§ **MATERIAL FOR THE TASK**:
┌──

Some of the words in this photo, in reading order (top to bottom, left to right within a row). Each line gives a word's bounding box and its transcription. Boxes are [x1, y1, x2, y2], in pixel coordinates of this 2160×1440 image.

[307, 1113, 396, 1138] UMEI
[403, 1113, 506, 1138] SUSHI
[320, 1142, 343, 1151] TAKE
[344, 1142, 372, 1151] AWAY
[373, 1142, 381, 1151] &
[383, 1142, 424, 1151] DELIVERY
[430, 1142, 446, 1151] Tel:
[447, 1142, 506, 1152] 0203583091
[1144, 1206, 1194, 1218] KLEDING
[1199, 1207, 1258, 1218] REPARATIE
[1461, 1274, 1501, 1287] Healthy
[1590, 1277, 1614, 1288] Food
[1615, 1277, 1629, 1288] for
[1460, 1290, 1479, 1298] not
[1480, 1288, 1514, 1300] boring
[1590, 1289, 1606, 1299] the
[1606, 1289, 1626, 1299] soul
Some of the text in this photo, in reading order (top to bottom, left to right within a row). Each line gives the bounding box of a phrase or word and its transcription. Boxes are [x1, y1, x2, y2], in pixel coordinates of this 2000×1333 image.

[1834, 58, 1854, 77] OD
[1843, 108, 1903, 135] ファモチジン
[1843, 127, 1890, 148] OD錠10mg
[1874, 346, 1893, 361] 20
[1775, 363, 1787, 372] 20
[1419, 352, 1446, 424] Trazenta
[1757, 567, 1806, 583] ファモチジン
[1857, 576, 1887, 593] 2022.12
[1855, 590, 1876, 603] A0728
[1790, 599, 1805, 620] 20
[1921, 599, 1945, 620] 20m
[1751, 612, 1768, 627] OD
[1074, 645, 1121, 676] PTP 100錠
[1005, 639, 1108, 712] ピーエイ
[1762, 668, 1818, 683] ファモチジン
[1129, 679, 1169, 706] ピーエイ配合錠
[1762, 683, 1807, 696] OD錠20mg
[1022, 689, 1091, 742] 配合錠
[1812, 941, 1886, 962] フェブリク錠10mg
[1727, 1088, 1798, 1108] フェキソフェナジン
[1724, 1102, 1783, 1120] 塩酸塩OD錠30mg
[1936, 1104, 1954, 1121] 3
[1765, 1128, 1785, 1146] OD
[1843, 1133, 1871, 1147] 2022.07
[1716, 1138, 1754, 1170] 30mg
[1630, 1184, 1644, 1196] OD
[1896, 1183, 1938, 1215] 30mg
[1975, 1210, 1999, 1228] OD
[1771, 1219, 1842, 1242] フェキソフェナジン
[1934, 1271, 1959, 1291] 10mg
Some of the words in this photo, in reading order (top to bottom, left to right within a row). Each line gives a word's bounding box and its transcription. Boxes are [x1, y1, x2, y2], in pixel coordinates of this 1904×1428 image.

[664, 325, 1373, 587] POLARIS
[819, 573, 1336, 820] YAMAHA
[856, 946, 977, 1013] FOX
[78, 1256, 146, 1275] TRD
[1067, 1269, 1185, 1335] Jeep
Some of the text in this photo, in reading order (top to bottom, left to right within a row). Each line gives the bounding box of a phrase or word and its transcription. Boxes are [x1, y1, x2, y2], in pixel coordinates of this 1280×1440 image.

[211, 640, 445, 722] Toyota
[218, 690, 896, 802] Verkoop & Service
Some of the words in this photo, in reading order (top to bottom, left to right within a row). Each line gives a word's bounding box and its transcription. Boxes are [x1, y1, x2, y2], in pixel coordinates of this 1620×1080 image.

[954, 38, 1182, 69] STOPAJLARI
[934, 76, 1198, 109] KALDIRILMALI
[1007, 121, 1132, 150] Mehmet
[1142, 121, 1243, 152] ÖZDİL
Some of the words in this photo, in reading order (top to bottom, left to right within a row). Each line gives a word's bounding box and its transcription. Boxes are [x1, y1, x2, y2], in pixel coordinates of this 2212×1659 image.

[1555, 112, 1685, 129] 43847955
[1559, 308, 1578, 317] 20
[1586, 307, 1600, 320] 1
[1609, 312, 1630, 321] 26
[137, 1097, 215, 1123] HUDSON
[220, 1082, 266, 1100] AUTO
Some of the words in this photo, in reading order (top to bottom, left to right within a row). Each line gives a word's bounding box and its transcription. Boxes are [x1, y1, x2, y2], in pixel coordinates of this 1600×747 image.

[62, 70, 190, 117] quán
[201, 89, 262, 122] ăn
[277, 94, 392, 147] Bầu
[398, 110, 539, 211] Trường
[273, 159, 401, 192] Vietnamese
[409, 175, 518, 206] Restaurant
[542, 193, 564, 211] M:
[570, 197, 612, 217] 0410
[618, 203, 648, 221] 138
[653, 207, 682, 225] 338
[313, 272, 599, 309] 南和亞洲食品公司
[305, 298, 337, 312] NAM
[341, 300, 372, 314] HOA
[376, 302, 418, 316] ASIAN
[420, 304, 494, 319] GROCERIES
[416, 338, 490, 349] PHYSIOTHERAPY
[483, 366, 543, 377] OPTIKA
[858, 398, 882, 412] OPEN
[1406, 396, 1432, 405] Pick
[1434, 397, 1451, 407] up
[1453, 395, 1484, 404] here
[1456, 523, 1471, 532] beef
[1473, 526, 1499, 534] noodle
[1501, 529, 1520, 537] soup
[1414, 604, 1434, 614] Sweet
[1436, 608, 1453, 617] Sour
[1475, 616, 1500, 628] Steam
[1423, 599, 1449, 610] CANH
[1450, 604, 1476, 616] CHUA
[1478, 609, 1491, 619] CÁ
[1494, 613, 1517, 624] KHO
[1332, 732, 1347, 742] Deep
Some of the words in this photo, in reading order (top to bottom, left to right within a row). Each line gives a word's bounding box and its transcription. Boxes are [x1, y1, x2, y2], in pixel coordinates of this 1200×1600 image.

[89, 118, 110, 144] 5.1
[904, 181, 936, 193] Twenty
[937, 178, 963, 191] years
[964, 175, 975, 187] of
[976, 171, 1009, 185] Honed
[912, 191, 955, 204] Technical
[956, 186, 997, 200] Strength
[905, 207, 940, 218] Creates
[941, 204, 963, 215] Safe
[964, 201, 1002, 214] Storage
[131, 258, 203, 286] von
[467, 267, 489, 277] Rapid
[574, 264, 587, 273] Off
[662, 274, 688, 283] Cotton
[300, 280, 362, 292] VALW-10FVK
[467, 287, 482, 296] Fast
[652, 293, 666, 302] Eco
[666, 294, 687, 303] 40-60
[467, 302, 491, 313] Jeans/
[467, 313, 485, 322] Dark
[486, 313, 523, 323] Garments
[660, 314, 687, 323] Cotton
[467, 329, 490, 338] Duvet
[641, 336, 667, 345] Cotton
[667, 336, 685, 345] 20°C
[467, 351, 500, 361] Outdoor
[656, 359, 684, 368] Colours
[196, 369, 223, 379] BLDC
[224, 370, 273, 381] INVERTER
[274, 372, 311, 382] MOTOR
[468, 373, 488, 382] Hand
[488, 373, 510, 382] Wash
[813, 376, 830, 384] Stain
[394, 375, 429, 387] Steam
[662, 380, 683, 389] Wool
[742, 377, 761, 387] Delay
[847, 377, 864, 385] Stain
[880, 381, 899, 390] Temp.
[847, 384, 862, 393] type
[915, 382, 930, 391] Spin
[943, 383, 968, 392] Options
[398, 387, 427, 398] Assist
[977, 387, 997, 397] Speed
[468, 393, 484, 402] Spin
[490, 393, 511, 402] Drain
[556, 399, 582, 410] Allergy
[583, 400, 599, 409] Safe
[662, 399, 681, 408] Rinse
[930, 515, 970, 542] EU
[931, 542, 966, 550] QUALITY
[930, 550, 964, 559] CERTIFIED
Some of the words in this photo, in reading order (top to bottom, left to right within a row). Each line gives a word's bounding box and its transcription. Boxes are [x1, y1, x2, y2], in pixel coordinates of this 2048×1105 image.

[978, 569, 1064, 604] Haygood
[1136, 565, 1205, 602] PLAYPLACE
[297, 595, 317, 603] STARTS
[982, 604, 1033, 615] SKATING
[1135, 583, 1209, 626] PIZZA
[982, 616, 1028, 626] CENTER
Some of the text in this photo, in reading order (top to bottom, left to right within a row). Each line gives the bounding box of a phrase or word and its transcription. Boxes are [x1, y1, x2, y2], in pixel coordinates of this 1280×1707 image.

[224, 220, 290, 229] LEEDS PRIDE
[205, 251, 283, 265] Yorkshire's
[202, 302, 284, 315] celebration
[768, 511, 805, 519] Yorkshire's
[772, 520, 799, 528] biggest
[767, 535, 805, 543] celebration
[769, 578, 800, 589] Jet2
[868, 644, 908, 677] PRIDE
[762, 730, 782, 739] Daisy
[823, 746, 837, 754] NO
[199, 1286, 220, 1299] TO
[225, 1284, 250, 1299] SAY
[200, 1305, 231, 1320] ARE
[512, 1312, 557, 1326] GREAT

└──

§ **TASK DIRECTIONS**:
Nothing but the lines from the one with "this 1280×1707 image." through the last line of the data should appear; print them exactly.

§ **YOUR SOLUTION**:
Some of the text in this photo, in reading order (top to bottom, left to right within a row). Each line gives the bounding box of a phrase or word and its transcription. Boxes are [x1, y1, x2, y2], in pixel coordinates of this 1280×1707 image.

[224, 220, 290, 229] LEEDS PRIDE
[205, 251, 283, 265] Yorkshire's
[202, 302, 284, 315] celebration
[768, 511, 805, 519] Yorkshire's
[772, 520, 799, 528] biggest
[767, 535, 805, 543] celebration
[769, 578, 800, 589] Jet2
[868, 644, 908, 677] PRIDE
[762, 730, 782, 739] Daisy
[823, 746, 837, 754] NO
[199, 1286, 220, 1299] TO
[225, 1284, 250, 1299] SAY
[200, 1305, 231, 1320] ARE
[512, 1312, 557, 1326] GREAT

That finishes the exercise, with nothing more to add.